Accurate diagnosis and heterogeneity analysis of a 17q12 deletion syndrome family with adulthood diabetes onset and complex clinical phenotypes

Purpose 17q12 Deletion Syndrome is heterogeneous and the reasons remain unclear. We clarified the clinical characteristics of adulthood diabetes onset 17q12 deletion syndrome and investigated the unclear phenotype-genotype correlation. Methods We collected the clinical history and laboratory results of a family with autosomal dominant inheritance diabetes and renopathy. Sanger sequencing of HNF1B and a panel of monogenic diabetic genes were performed to identify the monogenetic diabetes. Semiquantitative PCR and Chromosome 100 K sequence analysis were performed to analyze the copy numbers variation of diabetes related genes. Allelic specific quantitative PCR were used for TBC1D3 and paralogues diagnosis. The reported cases were reviewed and assessed to compare with patients in this study.
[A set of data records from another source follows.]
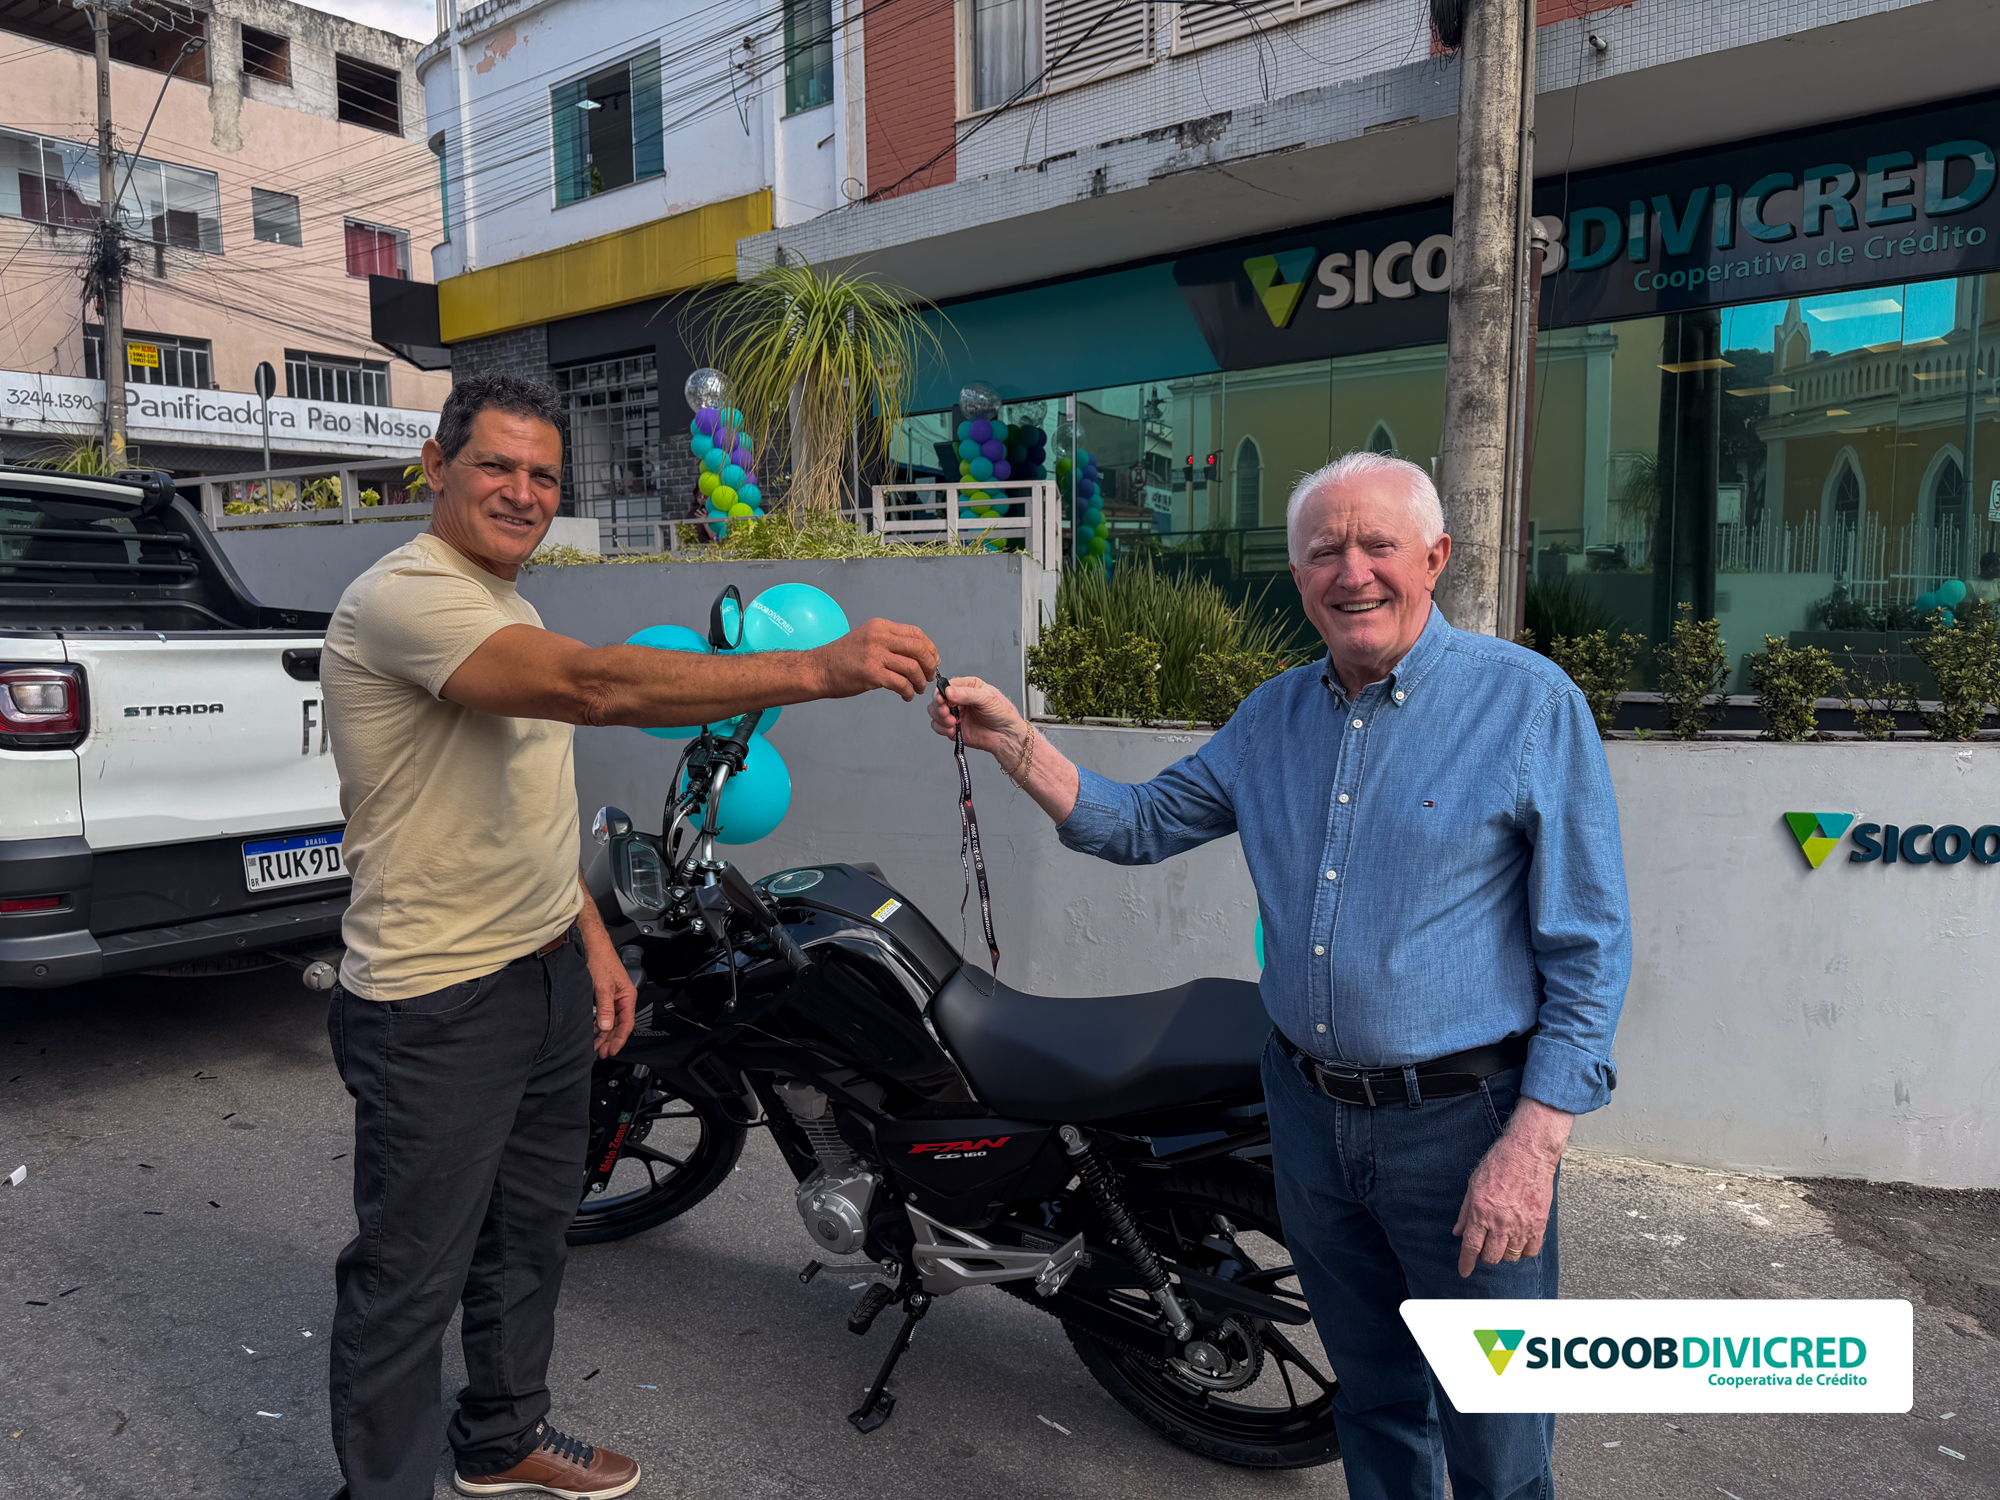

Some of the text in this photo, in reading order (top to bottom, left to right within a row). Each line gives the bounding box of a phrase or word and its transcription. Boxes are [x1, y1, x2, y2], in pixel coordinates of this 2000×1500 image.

[1317, 139, 1997, 309] SICOBDIVICRED
[1634, 225, 1987, 292] Cooperativa de Crédito
[6, 388, 93, 410] 3244.1390
[125, 388, 295, 428] Panificadora
[364, 411, 432, 438] Nosso
[124, 704, 224, 717] STRADA
[304, 837, 328, 846] BRASIL
[1850, 822, 2000, 864] SICOO
[258, 846, 341, 882] RUK9D
[251, 878, 260, 887] BR
[599, 1123, 629, 1173] Moto Zema
[908, 1136, 1011, 1154] FAN
Results Differential variants in genomic DNA and clinical presentations among family members were explored to determine the probable phenotype-genotypes correlation. The four patients were diagnosed with 17q12 deletion syndrome with 1.47–1.76 Mb heterogeneous deletion, which led to the haploinsufficiency of HNF1B, ACACA, LHX1, PIGW , miRNA2909 and other genes. The patients had different amount of genes deletion in TBC1D3 and paralogues, which might associate with the heterogeneous clinical phenotypes. Conclusions We first reported an adulthood diabetes onset 17q12 deletion syndrome family with the largest number of patients. The heterogeneous clinical phenotypes might be related to the haploinsufficiency of TBC1D3 and its paralogues.